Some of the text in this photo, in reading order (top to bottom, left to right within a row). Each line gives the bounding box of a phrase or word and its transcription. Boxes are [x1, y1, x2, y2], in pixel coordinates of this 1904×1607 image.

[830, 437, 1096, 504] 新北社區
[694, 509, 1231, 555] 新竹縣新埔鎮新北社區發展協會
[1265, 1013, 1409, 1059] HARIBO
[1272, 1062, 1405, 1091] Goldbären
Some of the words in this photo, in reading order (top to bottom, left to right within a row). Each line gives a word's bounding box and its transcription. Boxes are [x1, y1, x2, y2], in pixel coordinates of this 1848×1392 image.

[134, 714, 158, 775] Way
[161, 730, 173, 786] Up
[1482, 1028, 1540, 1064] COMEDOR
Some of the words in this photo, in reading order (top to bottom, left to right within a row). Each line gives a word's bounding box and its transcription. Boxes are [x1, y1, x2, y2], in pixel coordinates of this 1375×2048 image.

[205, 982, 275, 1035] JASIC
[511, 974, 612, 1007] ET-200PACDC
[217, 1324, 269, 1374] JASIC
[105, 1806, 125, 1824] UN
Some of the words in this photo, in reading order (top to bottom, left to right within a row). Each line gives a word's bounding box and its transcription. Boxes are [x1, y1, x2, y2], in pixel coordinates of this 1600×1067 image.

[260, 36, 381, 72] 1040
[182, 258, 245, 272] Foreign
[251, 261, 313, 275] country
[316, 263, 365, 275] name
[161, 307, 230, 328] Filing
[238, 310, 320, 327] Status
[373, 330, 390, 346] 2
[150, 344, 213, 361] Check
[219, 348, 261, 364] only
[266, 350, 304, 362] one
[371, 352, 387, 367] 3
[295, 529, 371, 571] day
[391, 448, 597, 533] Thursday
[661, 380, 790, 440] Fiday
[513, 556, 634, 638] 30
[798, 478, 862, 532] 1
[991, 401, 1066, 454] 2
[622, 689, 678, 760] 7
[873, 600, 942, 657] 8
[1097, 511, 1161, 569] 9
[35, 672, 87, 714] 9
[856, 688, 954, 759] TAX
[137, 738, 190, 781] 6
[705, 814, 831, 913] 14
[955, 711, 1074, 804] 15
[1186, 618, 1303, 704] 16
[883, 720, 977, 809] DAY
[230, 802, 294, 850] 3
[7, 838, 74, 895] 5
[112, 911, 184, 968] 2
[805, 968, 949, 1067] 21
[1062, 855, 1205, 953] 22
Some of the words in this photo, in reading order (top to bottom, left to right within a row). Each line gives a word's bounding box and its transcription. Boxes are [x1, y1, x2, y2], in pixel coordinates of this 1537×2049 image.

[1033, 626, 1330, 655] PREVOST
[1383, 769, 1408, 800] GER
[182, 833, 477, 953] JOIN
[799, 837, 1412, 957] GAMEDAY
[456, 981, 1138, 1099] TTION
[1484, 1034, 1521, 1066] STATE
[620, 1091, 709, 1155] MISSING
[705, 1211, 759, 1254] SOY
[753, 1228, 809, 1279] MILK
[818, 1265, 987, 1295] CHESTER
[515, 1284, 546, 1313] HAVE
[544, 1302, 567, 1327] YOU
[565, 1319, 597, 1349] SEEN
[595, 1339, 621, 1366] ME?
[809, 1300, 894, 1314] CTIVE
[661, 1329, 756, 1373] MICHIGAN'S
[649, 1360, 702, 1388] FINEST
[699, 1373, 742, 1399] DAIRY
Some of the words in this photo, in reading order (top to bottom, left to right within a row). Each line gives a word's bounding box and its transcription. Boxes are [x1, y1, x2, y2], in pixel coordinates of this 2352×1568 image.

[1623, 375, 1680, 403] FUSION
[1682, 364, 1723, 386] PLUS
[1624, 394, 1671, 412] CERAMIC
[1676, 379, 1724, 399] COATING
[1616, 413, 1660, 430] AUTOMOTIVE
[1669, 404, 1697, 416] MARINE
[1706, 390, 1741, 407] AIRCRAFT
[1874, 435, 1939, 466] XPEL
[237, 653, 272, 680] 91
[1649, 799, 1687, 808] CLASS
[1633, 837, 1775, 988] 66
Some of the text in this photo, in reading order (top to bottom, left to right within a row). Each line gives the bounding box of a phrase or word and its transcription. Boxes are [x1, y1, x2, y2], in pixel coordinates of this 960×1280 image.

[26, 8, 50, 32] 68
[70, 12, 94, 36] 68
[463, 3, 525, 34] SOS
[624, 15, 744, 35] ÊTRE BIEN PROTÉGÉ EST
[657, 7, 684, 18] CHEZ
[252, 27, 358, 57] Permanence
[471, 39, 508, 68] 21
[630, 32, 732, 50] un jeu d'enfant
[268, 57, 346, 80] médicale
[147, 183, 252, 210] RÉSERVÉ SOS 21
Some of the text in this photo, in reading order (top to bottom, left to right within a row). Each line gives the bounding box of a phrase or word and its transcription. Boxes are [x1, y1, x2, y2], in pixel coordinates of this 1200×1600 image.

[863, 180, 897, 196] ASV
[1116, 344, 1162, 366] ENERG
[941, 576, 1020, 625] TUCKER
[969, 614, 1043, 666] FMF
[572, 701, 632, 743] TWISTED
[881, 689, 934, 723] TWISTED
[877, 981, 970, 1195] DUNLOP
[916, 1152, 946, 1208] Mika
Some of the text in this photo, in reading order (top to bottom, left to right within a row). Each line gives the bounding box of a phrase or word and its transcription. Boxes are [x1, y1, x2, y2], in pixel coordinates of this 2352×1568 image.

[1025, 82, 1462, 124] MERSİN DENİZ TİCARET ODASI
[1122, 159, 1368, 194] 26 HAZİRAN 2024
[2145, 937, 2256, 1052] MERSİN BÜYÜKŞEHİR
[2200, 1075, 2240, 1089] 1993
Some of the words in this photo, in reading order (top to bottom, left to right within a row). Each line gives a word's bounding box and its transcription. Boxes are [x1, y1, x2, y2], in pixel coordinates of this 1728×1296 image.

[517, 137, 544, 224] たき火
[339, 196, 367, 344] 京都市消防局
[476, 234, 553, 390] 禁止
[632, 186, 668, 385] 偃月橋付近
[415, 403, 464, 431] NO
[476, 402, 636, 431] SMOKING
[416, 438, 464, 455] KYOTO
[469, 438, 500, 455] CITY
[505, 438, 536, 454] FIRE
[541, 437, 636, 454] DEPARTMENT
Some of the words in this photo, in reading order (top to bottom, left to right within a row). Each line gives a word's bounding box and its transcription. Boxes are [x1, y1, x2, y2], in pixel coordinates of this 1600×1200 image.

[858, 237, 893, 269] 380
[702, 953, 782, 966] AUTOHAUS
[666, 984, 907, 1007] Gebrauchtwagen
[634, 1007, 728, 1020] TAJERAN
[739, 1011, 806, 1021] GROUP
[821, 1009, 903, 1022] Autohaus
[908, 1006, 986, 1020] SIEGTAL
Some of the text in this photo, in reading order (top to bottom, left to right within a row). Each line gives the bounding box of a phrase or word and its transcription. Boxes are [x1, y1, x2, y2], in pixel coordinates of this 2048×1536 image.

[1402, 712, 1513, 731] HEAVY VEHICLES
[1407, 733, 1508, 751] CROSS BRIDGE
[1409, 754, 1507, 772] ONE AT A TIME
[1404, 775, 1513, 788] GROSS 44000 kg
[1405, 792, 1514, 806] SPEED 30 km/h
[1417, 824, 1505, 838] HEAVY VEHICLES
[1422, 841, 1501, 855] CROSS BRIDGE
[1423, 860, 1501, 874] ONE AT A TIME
──────────
WHAT TO WORK ON: Output every line of the data again, exactly.

ANSWER TO THE PROBLEM:
Some of the text in this photo, in reading order (top to bottom, left to right within a row). Each line gives the bounding box of a phrase or word and its transcription. Boxes are [x1, y1, x2, y2], in pixel coordinates of this 1904×1607 image.

[830, 437, 1096, 504] 新北社區
[694, 509, 1231, 555] 新竹縣新埔鎮新北社區發展協會
[1265, 1013, 1409, 1059] HARIBO
[1272, 1062, 1405, 1091] Goldbären
Some of the words in this photo, in reading order (top to bottom, left to right within a row). Each line gives a word's bounding box and its transcription. Boxes are [x1, y1, x2, y2], in pixel coordinates of this 1848×1392 image.

[134, 714, 158, 775] Way
[161, 730, 173, 786] Up
[1482, 1028, 1540, 1064] COMEDOR
Some of the words in this photo, in reading order (top to bottom, left to right within a row). Each line gives a word's bounding box and its transcription. Boxes are [x1, y1, x2, y2], in pixel coordinates of this 1375×2048 image.

[205, 982, 275, 1035] JASIC
[511, 974, 612, 1007] ET-200PACDC
[217, 1324, 269, 1374] JASIC
[105, 1806, 125, 1824] UN
Some of the words in this photo, in reading order (top to bottom, left to right within a row). Each line gives a word's bounding box and its transcription. Boxes are [x1, y1, x2, y2], in pixel coordinates of this 1600×1067 image.

[260, 36, 381, 72] 1040
[182, 258, 245, 272] Foreign
[251, 261, 313, 275] country
[316, 263, 365, 275] name
[161, 307, 230, 328] Filing
[238, 310, 320, 327] Status
[373, 330, 390, 346] 2
[150, 344, 213, 361] Check
[219, 348, 261, 364] only
[266, 350, 304, 362] one
[371, 352, 387, 367] 3
[295, 529, 371, 571] day
[391, 448, 597, 533] Thursday
[661, 380, 790, 440] Fiday
[513, 556, 634, 638] 30
[798, 478, 862, 532] 1
[991, 401, 1066, 454] 2
[622, 689, 678, 760] 7
[873, 600, 942, 657] 8
[1097, 511, 1161, 569] 9
[35, 672, 87, 714] 9
[856, 688, 954, 759] TAX
[137, 738, 190, 781] 6
[705, 814, 831, 913] 14
[955, 711, 1074, 804] 15
[1186, 618, 1303, 704] 16
[883, 720, 977, 809] DAY
[230, 802, 294, 850] 3
[7, 838, 74, 895] 5
[112, 911, 184, 968] 2
[805, 968, 949, 1067] 21
[1062, 855, 1205, 953] 22
Some of the words in this photo, in reading order (top to bottom, left to right within a row). Each line gives a word's bounding box and its transcription. Boxes are [x1, y1, x2, y2], in pixel coordinates of this 1537×2049 image.

[1033, 626, 1330, 655] PREVOST
[1383, 769, 1408, 800] GER
[182, 833, 477, 953] JOIN
[799, 837, 1412, 957] GAMEDAY
[456, 981, 1138, 1099] TTION
[1484, 1034, 1521, 1066] STATE
[620, 1091, 709, 1155] MISSING
[705, 1211, 759, 1254] SOY
[753, 1228, 809, 1279] MILK
[818, 1265, 987, 1295] CHESTER
[515, 1284, 546, 1313] HAVE
[544, 1302, 567, 1327] YOU
[565, 1319, 597, 1349] SEEN
[595, 1339, 621, 1366] ME?
[809, 1300, 894, 1314] CTIVE
[661, 1329, 756, 1373] MICHIGAN'S
[649, 1360, 702, 1388] FINEST
[699, 1373, 742, 1399] DAIRY
Some of the words in this photo, in reading order (top to bottom, left to right within a row). Each line gives a word's bounding box and its transcription. Boxes are [x1, y1, x2, y2], in pixel coordinates of this 2352×1568 image.

[1623, 375, 1680, 403] FUSION
[1682, 364, 1723, 386] PLUS
[1624, 394, 1671, 412] CERAMIC
[1676, 379, 1724, 399] COATING
[1616, 413, 1660, 430] AUTOMOTIVE
[1669, 404, 1697, 416] MARINE
[1706, 390, 1741, 407] AIRCRAFT
[1874, 435, 1939, 466] XPEL
[237, 653, 272, 680] 91
[1649, 799, 1687, 808] CLASS
[1633, 837, 1775, 988] 66
Some of the text in this photo, in reading order (top to bottom, left to right within a row). Each line gives the bounding box of a phrase or word and its transcription. Boxes are [x1, y1, x2, y2], in pixel coordinates of this 960×1280 image.

[26, 8, 50, 32] 68
[70, 12, 94, 36] 68
[463, 3, 525, 34] SOS
[624, 15, 744, 35] ÊTRE BIEN PROTÉGÉ EST
[657, 7, 684, 18] CHEZ
[252, 27, 358, 57] Permanence
[471, 39, 508, 68] 21
[630, 32, 732, 50] un jeu d'enfant
[268, 57, 346, 80] médicale
[147, 183, 252, 210] RÉSERVÉ SOS 21
Some of the text in this photo, in reading order (top to bottom, left to right within a row). Each line gives the bounding box of a phrase or word and its transcription. Boxes are [x1, y1, x2, y2], in pixel coordinates of this 1200×1600 image.

[863, 180, 897, 196] ASV
[1116, 344, 1162, 366] ENERG
[941, 576, 1020, 625] TUCKER
[969, 614, 1043, 666] FMF
[572, 701, 632, 743] TWISTED
[881, 689, 934, 723] TWISTED
[877, 981, 970, 1195] DUNLOP
[916, 1152, 946, 1208] Mika
Some of the text in this photo, in reading order (top to bottom, left to right within a row). Each line gives the bounding box of a phrase or word and its transcription. Boxes are [x1, y1, x2, y2], in pixel coordinates of this 2352×1568 image.

[1025, 82, 1462, 124] MERSİN DENİZ TİCARET ODASI
[1122, 159, 1368, 194] 26 HAZİRAN 2024
[2145, 937, 2256, 1052] MERSİN BÜYÜKŞEHİR
[2200, 1075, 2240, 1089] 1993
Some of the words in this photo, in reading order (top to bottom, left to right within a row). Each line gives a word's bounding box and its transcription. Boxes are [x1, y1, x2, y2], in pixel coordinates of this 1728×1296 image.

[517, 137, 544, 224] たき火
[339, 196, 367, 344] 京都市消防局
[476, 234, 553, 390] 禁止
[632, 186, 668, 385] 偃月橋付近
[415, 403, 464, 431] NO
[476, 402, 636, 431] SMOKING
[416, 438, 464, 455] KYOTO
[469, 438, 500, 455] CITY
[505, 438, 536, 454] FIRE
[541, 437, 636, 454] DEPARTMENT
Some of the words in this photo, in reading order (top to bottom, left to right within a row). Each line gives a word's bounding box and its transcription. Boxes are [x1, y1, x2, y2], in pixel coordinates of this 1600×1200 image.

[858, 237, 893, 269] 380
[702, 953, 782, 966] AUTOHAUS
[666, 984, 907, 1007] Gebrauchtwagen
[634, 1007, 728, 1020] TAJERAN
[739, 1011, 806, 1021] GROUP
[821, 1009, 903, 1022] Autohaus
[908, 1006, 986, 1020] SIEGTAL
Some of the text in this photo, in reading order (top to bottom, left to right within a row). Each line gives the bounding box of a phrase or word and its transcription. Boxes are [x1, y1, x2, y2], in pixel coordinates of this 2048×1536 image.

[1402, 712, 1513, 731] HEAVY VEHICLES
[1407, 733, 1508, 751] CROSS BRIDGE
[1409, 754, 1507, 772] ONE AT A TIME
[1404, 775, 1513, 788] GROSS 44000 kg
[1405, 792, 1514, 806] SPEED 30 km/h
[1417, 824, 1505, 838] HEAVY VEHICLES
[1422, 841, 1501, 855] CROSS BRIDGE
[1423, 860, 1501, 874] ONE AT A TIME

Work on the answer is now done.